Central Bank of Kenya (CBK) deputy governor Sheila M’Mbijjewe last Wednesday attained the mandatory retirement age of 60 years, paving the way for her exit from public office.

Ms M’Mbijjewe, a UK trained accountant, has been deputy governor since August 4, 2015.

The CBK governor and deputy serve for a four-year term that is renewable once.

But civil servants are mandated by law to exit office after attaining the age of 60.


The CBK did not respond to queries on Ms M’Mbijjewe’s impending retirement.

“Retirement age is 60 in public service. However, one can work on contract with approval of the board and cabinet secretary after 60 if they have specialised scarce skills,” former Public Service Commission (PSC) chairperson Margaret Kobia said in February last year.

A long-serving corporate executive, Ms M’Mbijjewe has in her decades-long career served as a director in dozens of blue chip companies in the country.

She was born on March 6, 1958, according to the National Assembly’s Hansard and holds a Bachelor’s Degree in Accounts from Kingston University in England. Her tenure, jointly with that of CBK governor Patrick Njoroge, has spawned the emergence of a new order for financial institutions in Kenya.

Ms M’Mbijjewe said in 2016 that increased access to financial services had helped address poverty in Kenya. “We have 75 per cent financial inclusion, which means 90 per cent of Kenyans are within three kilometres of a financial access point,” she said.

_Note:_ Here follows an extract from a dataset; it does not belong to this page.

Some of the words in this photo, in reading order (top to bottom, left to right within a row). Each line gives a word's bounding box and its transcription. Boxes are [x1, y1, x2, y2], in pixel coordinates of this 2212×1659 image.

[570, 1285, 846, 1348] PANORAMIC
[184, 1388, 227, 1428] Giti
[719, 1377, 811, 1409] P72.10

But it was also during her tenure that three banks, Dubai, Imperial and Chase, collapsed in a row prompting concerns among savers as to whether their hard-earned cash was safe.

President Uhuru Kenyatta is expected to fill a number of positions in key State agencies, whose heads are either serving in acting capacity or nearing expiry of their terms upon attaining the mandatory retirement age of 60 years.

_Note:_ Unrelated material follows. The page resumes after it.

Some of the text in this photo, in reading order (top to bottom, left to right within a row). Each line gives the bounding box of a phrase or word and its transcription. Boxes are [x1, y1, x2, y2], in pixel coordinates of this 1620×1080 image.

The list includes the Kenya Revenue Authority (KRA), where commissioner-general John Njiraini’s second term as chief tax collector came to an on March 3 – three months after he hit the retirement age of 60 last December. Mr Njiraini is embroiled in a court battle with activist Okiya Omtatah over his continued stay at the helm of the agency.

Industrial and Commercial Development Corporation (ICDC) is also expected to fill the vacant CEO’s position while the National Social Security Fund (NSSF) is yet to pick a substantive managing trustee, a position that is currently held by Anthony Omerikwa in an acting capacity.

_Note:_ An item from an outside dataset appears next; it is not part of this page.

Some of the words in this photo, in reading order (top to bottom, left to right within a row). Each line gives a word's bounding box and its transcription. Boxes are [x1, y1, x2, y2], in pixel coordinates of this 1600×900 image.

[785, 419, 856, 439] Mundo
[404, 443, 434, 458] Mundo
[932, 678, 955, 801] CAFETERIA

The Insurance Regulatory Authority (IRA) is also expected to pick a substantive head nearly a year after Godfrey Kiptum was appointed acting commissioner following the exit of long serving chief executive Sammy Makove.

The Retirement Benefits Authority (RBA) is also expected to appoint a substantive replacement for long-serving CEO Edward Odundo. Nzomo Mutuku was from April 1 last year appointed as the acting CEO.

The list of agencies expected to pick substantive heads includes Kenya Industrial Research Institute (Kirdi), National Water Conservation and Pipeline Corporation, Agriculture, Fisheries and Food Authority, ICT Authority, Kenya National Examinations Council (Knec), among others.